Unlocking localized volatility dynamics
Despite documented heterogeneity in volatility dynamics across the option surface, standard implied volatility forecasting models apply homogeneous parameters.
This Federal Reserve working paper introduces a machine-learning framework that uses regression trees to partition the surface along moneyness and maturity dimensions.
This identifies data-driven regions where distinct forecasting models perform best.
Extending the Surface Heterogeneous Autoregressive (SHAR) framework, the authors develop tree-based SHAR specifications that preserve interpretable structure while allowing model parameters to vary across the surface.
This approach substantially improves forecasting accuracy by adapting the model to regional heterogeneity across the surface and leveraging these localized dynamics.
The empirical analysis uses S&P 500 options.

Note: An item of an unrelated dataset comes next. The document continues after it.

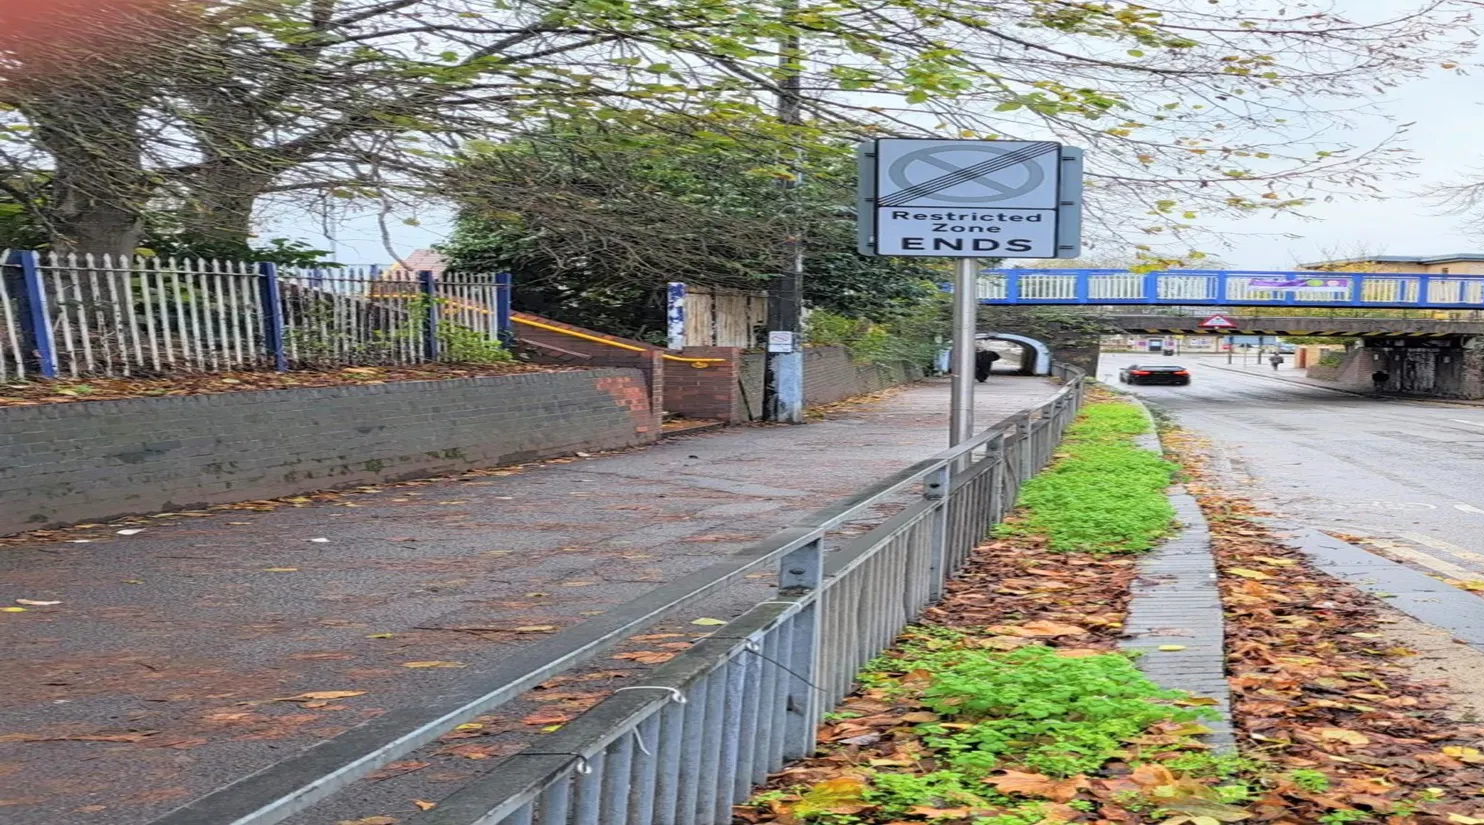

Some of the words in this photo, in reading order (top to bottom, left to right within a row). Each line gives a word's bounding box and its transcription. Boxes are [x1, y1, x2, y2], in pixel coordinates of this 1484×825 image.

[892, 210, 1041, 222] Restricted
[932, 223, 1001, 233] Zone
[902, 237, 1032, 252] ENDS

Revealing market segments through data
Market segmentation and variation in investor clienteles across the option surface are well-documented.
Different clienteles, such as volatility sellers for short-dated options or institutional hedgers for near-the-money contracts, create distinct supply and demand patterns.
The empirical approach employs regression trees, using moneyness and maturity as splitting variables to recursively partition the option panel into more homogeneous subregions.
This tree-based local estimation scheme preserves the economic interpretation of underlying models while allowing parameters to adapt flexibly.
The Boosted Tree-SHAR model achieves the lowest out-of-sample forecast errors, reducing one-month-ahead RMSE by 13% versus the benchmark SHAR model.
Smart integration, practical impact
This paper offers a significant methodological advancement by integrating machine learning with traditional financial models, addressing a long-standing issue of homogeneous parameters.
Its strength lies in preserving interpretability while boosting predictive power, making it highly relevant for risk management and option pricing.
However, the reliance on S&P 500 options suggests further research is needed to confirm applicability across diverse asset classes.